Exercise directions –
With the images omitted, return all of the entries exactly as they stand.

Data for review –
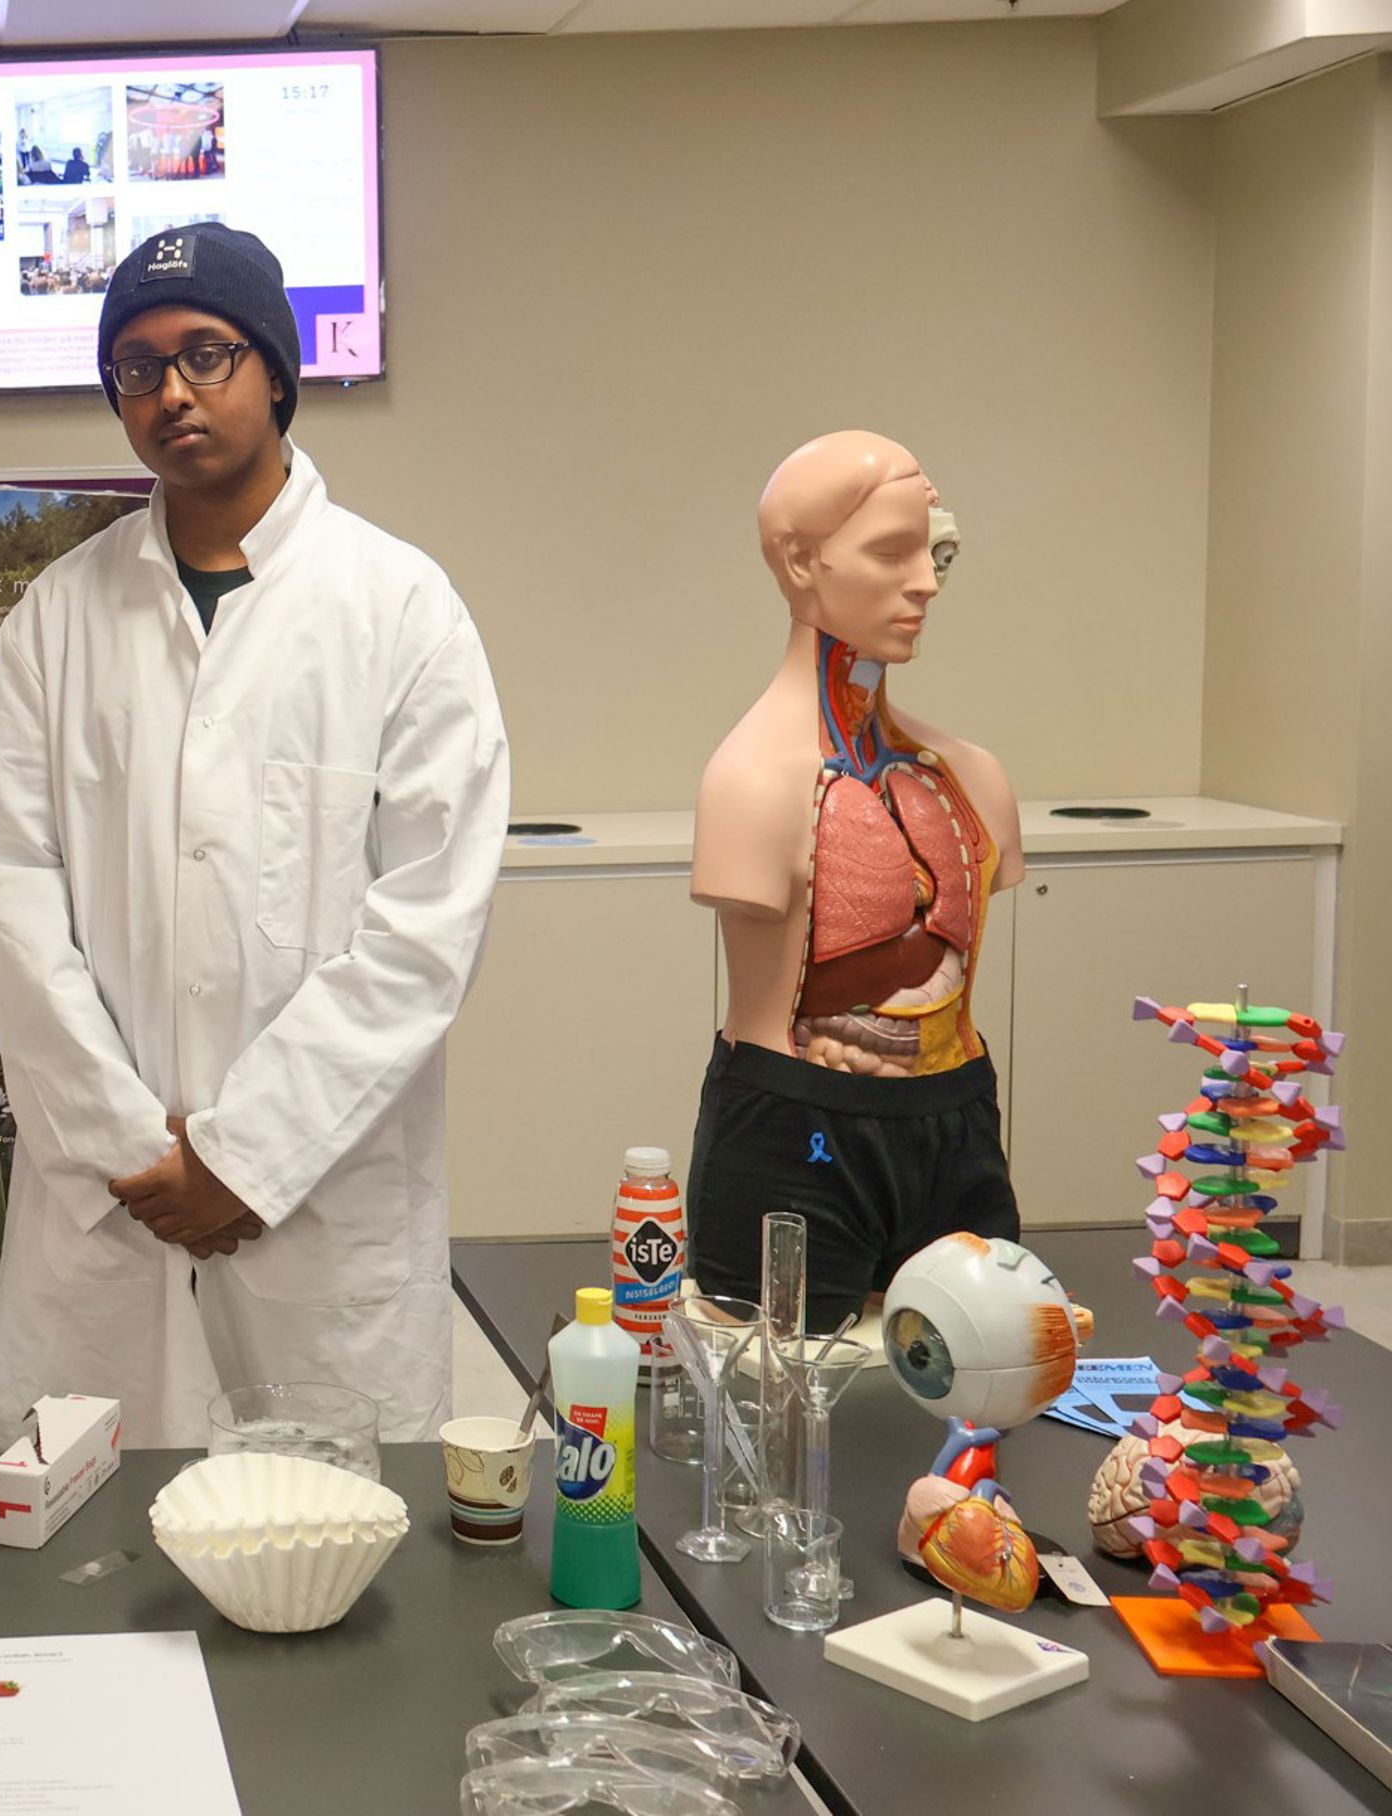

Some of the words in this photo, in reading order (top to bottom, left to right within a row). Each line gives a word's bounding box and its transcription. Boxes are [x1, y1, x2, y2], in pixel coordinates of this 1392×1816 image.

[282, 85, 329, 100] 15:17
[147, 260, 188, 272] Haglöfs
[330, 321, 360, 358] K
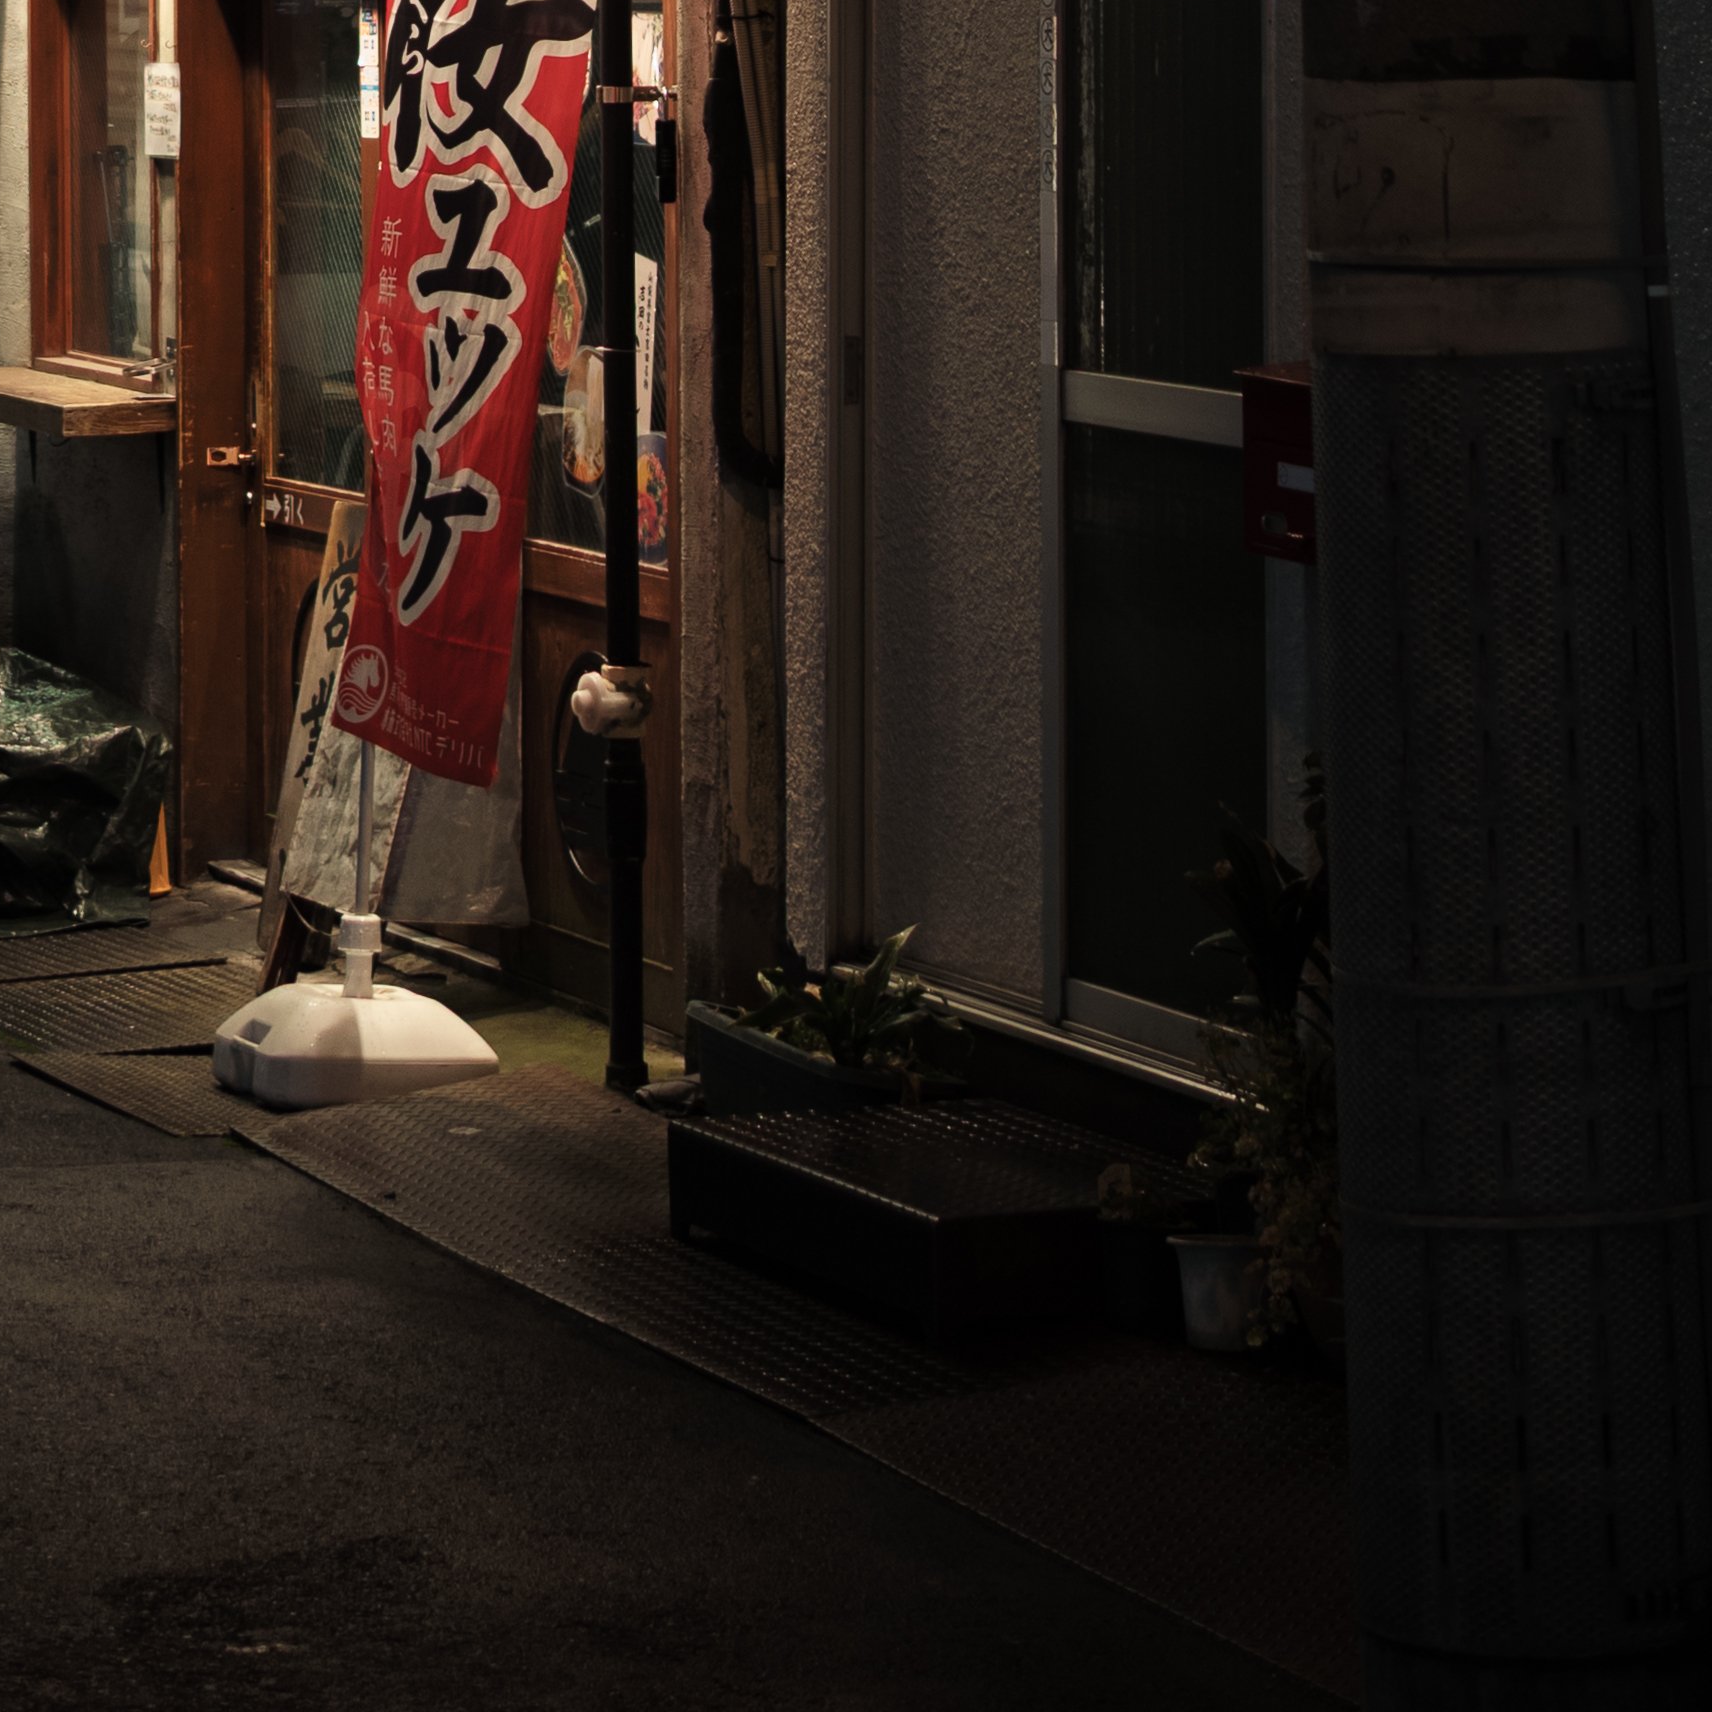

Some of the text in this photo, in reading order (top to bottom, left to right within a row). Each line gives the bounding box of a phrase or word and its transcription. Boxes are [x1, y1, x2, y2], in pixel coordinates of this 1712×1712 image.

Answer area –
Some of the words in this photo, in reading order (top to bottom, left to right within a row). Each line gives a word's bounding box and its transcription. Boxes are [x1, y1, x2, y2], in pixel coordinates of this 1392×1816 image.

[282, 85, 329, 100] 15:17
[147, 260, 188, 272] Haglöfs
[330, 321, 360, 358] K

Some of the text in this photo, in reading order (top to bottom, left to right within a row). Each line gives the bounding box of a phrase or word and its transcription. Boxes are [x1, y1, x2, y2], in pixel coordinates of this 1712×1712 image.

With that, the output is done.